Hemophilia A is an inherited bleeding diathesis resulting from decreased FVIII plasma activity, predisposing to an increased frequency of spontaneous bleeding episodes, mainly into joints and muscles. Hemophilia A patients receive intravenous concentrates of deficient clotting factor in order to treat bleeding episodes and prevent their reoccurrence. However, this management is associated with potentially negative immunological reaction to therapeutic FVIII due to possible development of anti-FVIII neutralizing antibodies (i.e., inhibitor). The abovementioned problem is observed mainly in patients with severe hemophilia A with an inhibitor prevalence of 10%–33% [1, 2]. A common therapy used in inhibitor eradication is immune tolerance induction (ITI) [3, 4].

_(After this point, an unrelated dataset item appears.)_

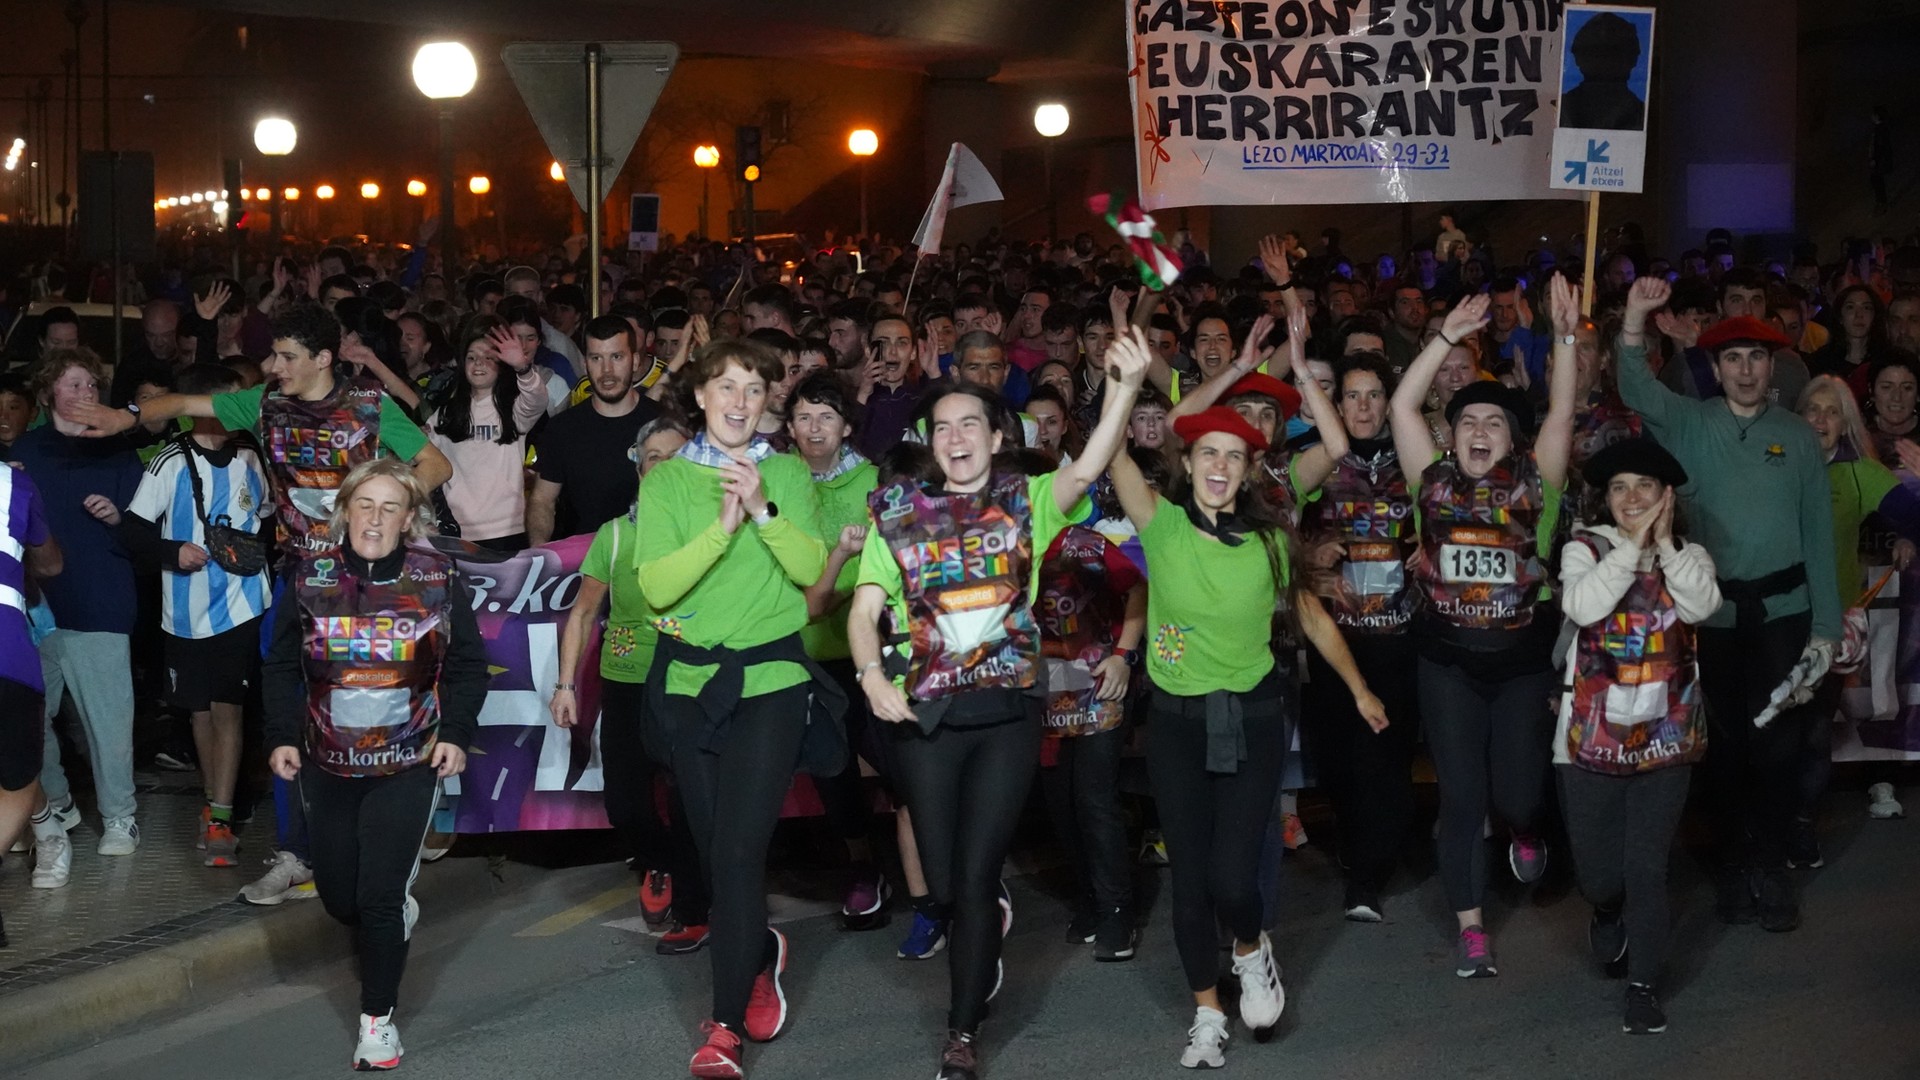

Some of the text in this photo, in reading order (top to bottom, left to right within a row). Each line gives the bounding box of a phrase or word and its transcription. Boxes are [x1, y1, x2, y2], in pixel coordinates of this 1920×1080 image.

Difficulties associated with the abovementioned treatment are illustrated in the presented case of hemophilia A patient who developed FVIII inhibitor. The patient was born in May 1998 (gravida 1, normal para 1). He was first hospitalized at the age of 8 months due to bleeding into the buttock. The family history of bleeding diathesis was negative. In a laboratory assessment of the patient’s coagulation system, APTT was indeterminable and subsequent evaluation of FVIII levels revealed very low values (<1% of active factor) of this clotting factor. Therefore, the patient was diagnosed with severe hemophilia A. Further tests revealed mutation of FVIII in the form of intron 22 inversion.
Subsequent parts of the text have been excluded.